Clinical signs and symptoms of colorectal carcinosarcoma are related to obstruction and bleeding depending on the localisation, similar to other colorectal malignancies. 5 8 9 These signs and symptoms manifest late, and approximately 50% of patients with colorectal carcinosarcoma present with obstructive symptoms. 9 Prior to consultation at our institution, this patient was seen months ago by a primary care physician, and was managed as a case of haemorrhoidal disease due to the aforementioned signs and symptoms without the benefit of a rectal examination and colonoscopy. For any patient presenting with abdominal or colorectal symptoms, proper physical examination is essential; supported by appropriate diagnostic modalities, as indicated, such as colonoscopy. Screening colonoscopy should be started as early as 50 years of age for the general population.

Histopathological evaluation of the tumour is crucial in establishing the diagnosis. This shows a biphasic population composed of both malignant stromal and epithelial nature. The mesenchymal stromal component is composed of high grade pleiomorphic spindle to epithelioid cells with high grade nuclear atypia and bizarre giant cells. There are no heterologous components identified. Malignant glands with nuclear atypia are found randomly dispersed into the sarcomatous component. There is no transitional area appreciated between the two populations.
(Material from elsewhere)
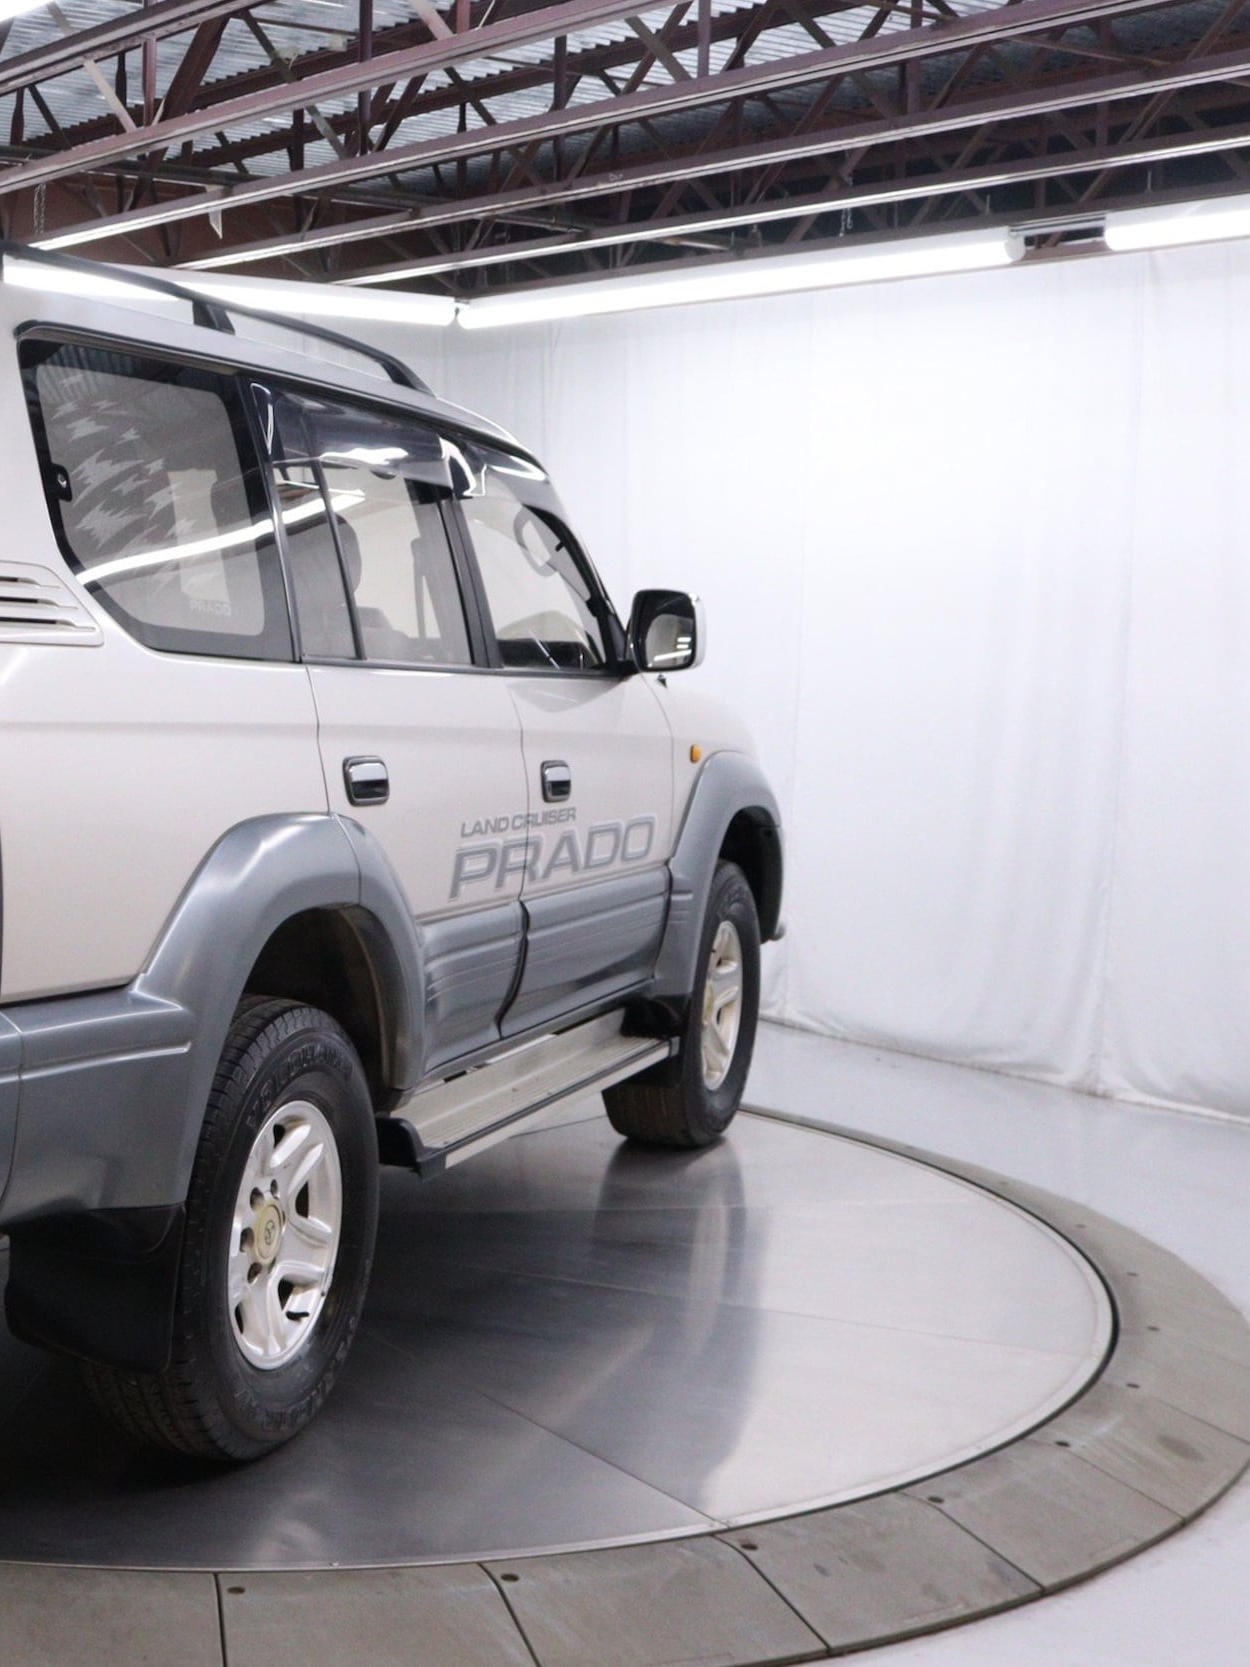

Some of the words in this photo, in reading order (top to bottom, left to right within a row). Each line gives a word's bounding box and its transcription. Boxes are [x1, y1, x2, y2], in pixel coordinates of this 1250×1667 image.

Immunohistochemistry remains the gold standard for diagnosing carcinosarcoma. The two key features are differential staining of the distinct components (ie, positive IHC staining for both CKs and vimentin), and the lack of staining for epithelial markers in the sarcomatous component. 2 10 The carcinomatous component commonly shows reactivity to CK20 and carcinoembryonic antigen, whereas the sarcomatous component stains positively for vimentin, desmin, and smooth muscle actin. 10 The biphasic component mentioned was further emphasised by the IHC studies, with CK AE1/AE3 highlighting only the carcinomatous cell population. Further IHC studies with mesenchymal markers, including H-caldesmon, DOG1, S100, SALL4 and CD31 do not impart a specific lineage differentiation for the sarcomatous component ( figure 7) . With the following features, a diagnosis of carcinosarcoma was rendered.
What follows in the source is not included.